Toddler-friendly Festivus poles

I got it in my head to build a Festivus pole.

(Festivus is a non-religious holiday first celebrated on December 23, 1966 in response to runaway Christmas commercialism. It was later popularized by an episode of the Seinfeld TV sitcom.)

Photo of an 8-foot-tall clear plastic pole filled with ping pong balls and held upright with X-shaped PVC pipe. The pole is seen from the top looking down.A strict interpretation of the holiday requires a plain aluminum Festivus pole. A metal pole seemed a tipping danger with a rambunctious toddler in the house so I visited a hardware store to scope out alternatives.

PVC pipe was immediately attractive. I began seeing possibilities in decorating the pole – tied ribbons, hooks drilled into the pole to hang ornaments, and maybe even Little Miss painting the pole in a few years. Festivus fundamentalists would have my head.

Not quite satisfied, I mulled over my options for a few days until I stumbled upon a newly stocked item at a restaurant supply store. It would make a great lightweight toddler-friendly Festivus pole. (By the way, when you shop at the same food and accessories store as restaurateurs, eating at home is like eating out, every night.)

Photo of four and eight feet tall Festivus poles filled with ping pong balls, with an indoor ladder included for scale
Pole #1:
I used an 8-foot-long fluorescent tube guard as a pole. It is a clear plastic tube designed to protect a shattered fluorescent light from raining glass down upon you (other tubes filter or tint light or improve efficiency).  I’ve never seen an 8-foot long fluorescent light, but apparently they exist. At less than $3, the tube is a steal.

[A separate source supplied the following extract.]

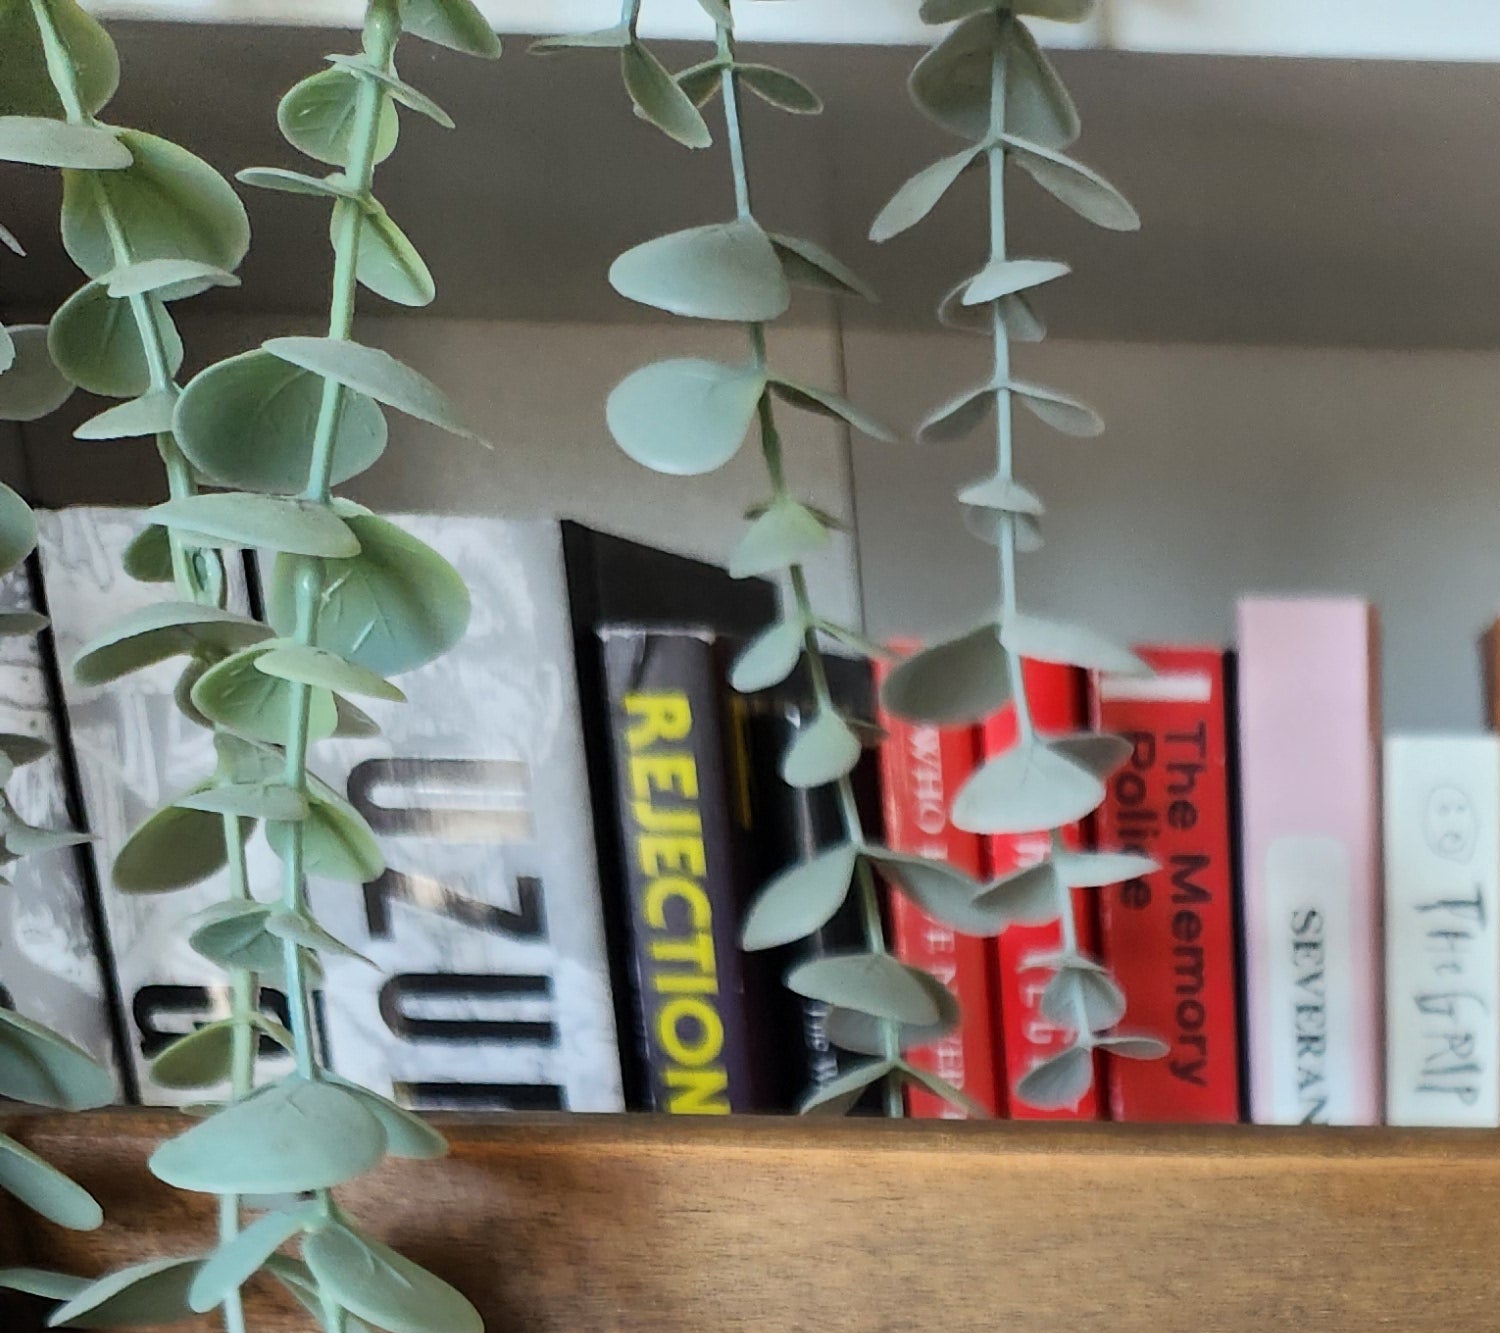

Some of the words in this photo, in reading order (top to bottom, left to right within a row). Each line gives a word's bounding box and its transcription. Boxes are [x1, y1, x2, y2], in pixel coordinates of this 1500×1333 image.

A thought soon crept into my mind: this tube is just wide enough to fit a ping pong ball. And, the sight of a bunch of ping pong balls balanced vertically from floor to ceiling would be damn impressive. Sixty-three balls to be exact.

It helps to use a ladder to insert the balls, and helps even more if you have a vaulted ceiling because many ceilings are not much more than 8 feet high.

K-Mart sells the balls at 36 per box, but Wishing Well stores sell plain balls with no manufacturer logo or lettering for 19 cents a piece, roughly $12 for one pole.

Initially, I planted the pole in a Christmas tree stand, having gotten the idea from a photo at The tree-fastening screws do an OK job of securing the tube so long as the tube is filled with balls. A stand costs $10 at K-Mart this month, or peanuts at a thrift store or garage sale.

However, it wasn’t too long before I ditched the tree stand in favor of sturdy (non-plumbing) PVC pipe. My local Ace hardware has a PVC Store display which is kind of like PVC for Dummies. There are an assortment of joints to choose from and even a booklet containing a plethora of PVC craft ideas. I bought one length of pipe, four end caps and one five-point joint, plus a PVC saw (though a regular hack saw works, too).  A mess of PVC shavings later, I had a spiffy "X" shaped pole stand.

In our house, in our non-vaulted living room, the 8-foot pole on top of the PVC stand is just milimeters away from the ceiling, giving the appearance of a true floor-to-ceiling pole.

A four foot tall Festivus pole comprised of seven poles, three visible, filled with ping pong balls and held upright with a plastic Christmas tree stand
Pole #2:
After building my first Festivus pole, I had an empty Christmas tree stand in my house. So, I bought seven 4-foot fluorescent tube guards and propped them in the tree stand in a sort of circle, bound at the top and bottom with rubber bands. 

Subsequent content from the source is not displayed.